The Mitsubishi A6M Zero — Japan's legendary World War II carrier fighter and the longest-ranged single-engine fighter of its era — captured as a sport-scale RC warbird.
The Mitsubishi A6M Zero was designed by Jiro Horikoshi for the Imperial Japanese Navy under a 1937 specification that demanded two contradictory things at once: extreme maneuverability and the long range to escort Japanese bombers all the way to distant targets in China and back again. Horikoshi's solution was uncompromising lightness — the airframe used a new top-secret aluminum alloy developed by Sumitomo Metal Industries in 1936, called "extra super duralumin," that was lighter, stronger, and more ductile than the alloys then used in fighter construction. The first prototype made its first flight on April 1, 1939, with Mitsubishi chief test pilot Katsuzo Shima at the controls.
The Zero entered service in 1940 as the Navy Type 0 Carrier Fighter — the "0" gave the Allies their nickname for the type. Initial combat trials in China against antiquated Polikarpov fighters proved devastating; the Zero recorded its first aerial victory in September 1940 and went on to achieve a kill ratio of 12 to 1 in early Pacific combat. By mid-1942, however, the combination of new American tactics (the "Thach Weave"), better engines, and aircraft like the F6F Hellcat began to engage the Zero on equal terms. The same lightness that made the Zero a peerless dogfighter also meant it lacked self-sealing fuel tanks and meaningful armor, and as the war turned, those compromises showed.
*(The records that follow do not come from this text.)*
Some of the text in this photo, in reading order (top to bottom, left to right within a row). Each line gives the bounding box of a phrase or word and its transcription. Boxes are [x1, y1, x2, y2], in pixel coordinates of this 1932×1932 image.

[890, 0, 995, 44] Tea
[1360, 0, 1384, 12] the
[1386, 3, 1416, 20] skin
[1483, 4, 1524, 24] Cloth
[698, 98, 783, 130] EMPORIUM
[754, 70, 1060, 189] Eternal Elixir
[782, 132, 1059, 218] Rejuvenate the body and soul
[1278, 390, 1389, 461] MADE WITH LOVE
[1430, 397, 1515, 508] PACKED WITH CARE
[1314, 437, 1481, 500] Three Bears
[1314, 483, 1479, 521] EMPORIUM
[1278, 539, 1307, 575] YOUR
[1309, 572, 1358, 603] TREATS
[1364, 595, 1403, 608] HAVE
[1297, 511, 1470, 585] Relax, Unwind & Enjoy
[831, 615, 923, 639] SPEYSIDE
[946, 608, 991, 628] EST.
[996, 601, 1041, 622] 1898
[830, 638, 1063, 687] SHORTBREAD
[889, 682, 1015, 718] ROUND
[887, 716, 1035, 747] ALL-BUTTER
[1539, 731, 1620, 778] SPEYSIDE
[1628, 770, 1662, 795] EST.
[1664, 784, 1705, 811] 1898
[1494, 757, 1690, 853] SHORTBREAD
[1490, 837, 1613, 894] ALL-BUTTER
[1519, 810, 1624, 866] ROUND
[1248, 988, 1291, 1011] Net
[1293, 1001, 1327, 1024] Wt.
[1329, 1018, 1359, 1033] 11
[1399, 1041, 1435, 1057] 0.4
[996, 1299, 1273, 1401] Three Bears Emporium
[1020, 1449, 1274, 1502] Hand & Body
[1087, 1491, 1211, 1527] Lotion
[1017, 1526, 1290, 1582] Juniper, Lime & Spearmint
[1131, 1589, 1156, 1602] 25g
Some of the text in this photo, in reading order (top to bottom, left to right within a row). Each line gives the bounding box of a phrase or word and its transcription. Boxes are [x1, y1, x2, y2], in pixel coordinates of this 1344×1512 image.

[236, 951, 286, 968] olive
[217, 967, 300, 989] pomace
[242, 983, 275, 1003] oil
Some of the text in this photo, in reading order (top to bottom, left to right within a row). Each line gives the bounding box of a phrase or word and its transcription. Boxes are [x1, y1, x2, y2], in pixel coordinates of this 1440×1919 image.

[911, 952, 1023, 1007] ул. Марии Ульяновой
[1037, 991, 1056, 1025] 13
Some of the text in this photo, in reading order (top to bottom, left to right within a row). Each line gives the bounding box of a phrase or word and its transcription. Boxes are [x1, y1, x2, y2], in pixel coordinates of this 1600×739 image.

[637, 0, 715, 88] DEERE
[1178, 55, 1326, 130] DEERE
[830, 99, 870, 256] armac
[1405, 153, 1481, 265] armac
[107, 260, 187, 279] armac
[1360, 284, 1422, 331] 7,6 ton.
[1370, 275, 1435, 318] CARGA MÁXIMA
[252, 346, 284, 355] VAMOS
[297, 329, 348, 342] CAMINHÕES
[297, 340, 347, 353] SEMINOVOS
The Zero remains one of the most-modeled WWII fighter subjects in RC scale flying. The unmistakable round-cowled, low-wing, taildragger silhouette appears in foam and balsa kits across the modern RC market in every size from park-flyer foamy to giant-scale gas warbird.
A satisfying warbird scale subject. The Zero flies the way a light, well-balanced WWII fighter should — willing on the controls, predictable in stall behavior, and rewarding of smooth coordinated maneuvers rather than aggressive 3D inputs. Use it for warbird-style flying: low passes down the runway, gentle wing-overs, the classic fighter pattern circuit. Pairs well with carrier-deck and Pacific-coast landscapes. A natural sibling to the Scale WW2 Warbirds pack, at a more accessible scale and skill level.